WHAT THIS TASK INVOLVES
Transcribe every record below word for word.

(Dataset excerpts)
········

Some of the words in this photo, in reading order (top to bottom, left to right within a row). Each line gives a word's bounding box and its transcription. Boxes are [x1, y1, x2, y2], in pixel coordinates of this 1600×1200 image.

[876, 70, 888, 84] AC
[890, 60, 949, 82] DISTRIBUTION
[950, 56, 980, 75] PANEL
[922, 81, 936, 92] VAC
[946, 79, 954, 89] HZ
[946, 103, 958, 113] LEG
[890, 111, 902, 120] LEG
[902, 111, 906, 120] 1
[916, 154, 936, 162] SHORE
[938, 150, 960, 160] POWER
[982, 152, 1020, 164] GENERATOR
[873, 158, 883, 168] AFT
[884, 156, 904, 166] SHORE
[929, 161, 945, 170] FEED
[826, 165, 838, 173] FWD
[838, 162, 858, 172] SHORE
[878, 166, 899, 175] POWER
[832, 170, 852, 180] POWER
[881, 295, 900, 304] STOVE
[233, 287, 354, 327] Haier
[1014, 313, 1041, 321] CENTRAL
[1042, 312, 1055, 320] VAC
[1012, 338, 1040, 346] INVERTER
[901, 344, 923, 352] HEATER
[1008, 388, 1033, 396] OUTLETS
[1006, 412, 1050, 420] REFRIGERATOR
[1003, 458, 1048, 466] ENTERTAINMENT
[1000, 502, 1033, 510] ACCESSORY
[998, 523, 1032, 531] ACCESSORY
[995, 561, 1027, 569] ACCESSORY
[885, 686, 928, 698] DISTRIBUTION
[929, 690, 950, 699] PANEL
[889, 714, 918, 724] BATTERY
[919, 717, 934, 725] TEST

········

RESULT FOR THIS TASK
Some of the words in this photo, in reading order (top to bottom, left to right within a row). Each line gives a word's bounding box and its transcription. Boxes are [x1, y1, x2, y2], in pixel coordinates of this 1600×1200 image.

[876, 70, 888, 84] AC
[890, 60, 949, 82] DISTRIBUTION
[950, 56, 980, 75] PANEL
[922, 81, 936, 92] VAC
[946, 79, 954, 89] HZ
[946, 103, 958, 113] LEG
[890, 111, 902, 120] LEG
[902, 111, 906, 120] 1
[916, 154, 936, 162] SHORE
[938, 150, 960, 160] POWER
[982, 152, 1020, 164] GENERATOR
[873, 158, 883, 168] AFT
[884, 156, 904, 166] SHORE
[929, 161, 945, 170] FEED
[826, 165, 838, 173] FWD
[838, 162, 858, 172] SHORE
[878, 166, 899, 175] POWER
[832, 170, 852, 180] POWER
[881, 295, 900, 304] STOVE
[233, 287, 354, 327] Haier
[1014, 313, 1041, 321] CENTRAL
[1042, 312, 1055, 320] VAC
[1012, 338, 1040, 346] INVERTER
[901, 344, 923, 352] HEATER
[1008, 388, 1033, 396] OUTLETS
[1006, 412, 1050, 420] REFRIGERATOR
[1003, 458, 1048, 466] ENTERTAINMENT
[1000, 502, 1033, 510] ACCESSORY
[998, 523, 1032, 531] ACCESSORY
[995, 561, 1027, 569] ACCESSORY
[885, 686, 928, 698] DISTRIBUTION
[929, 690, 950, 699] PANEL
[889, 714, 918, 724] BATTERY
[919, 717, 934, 725] TEST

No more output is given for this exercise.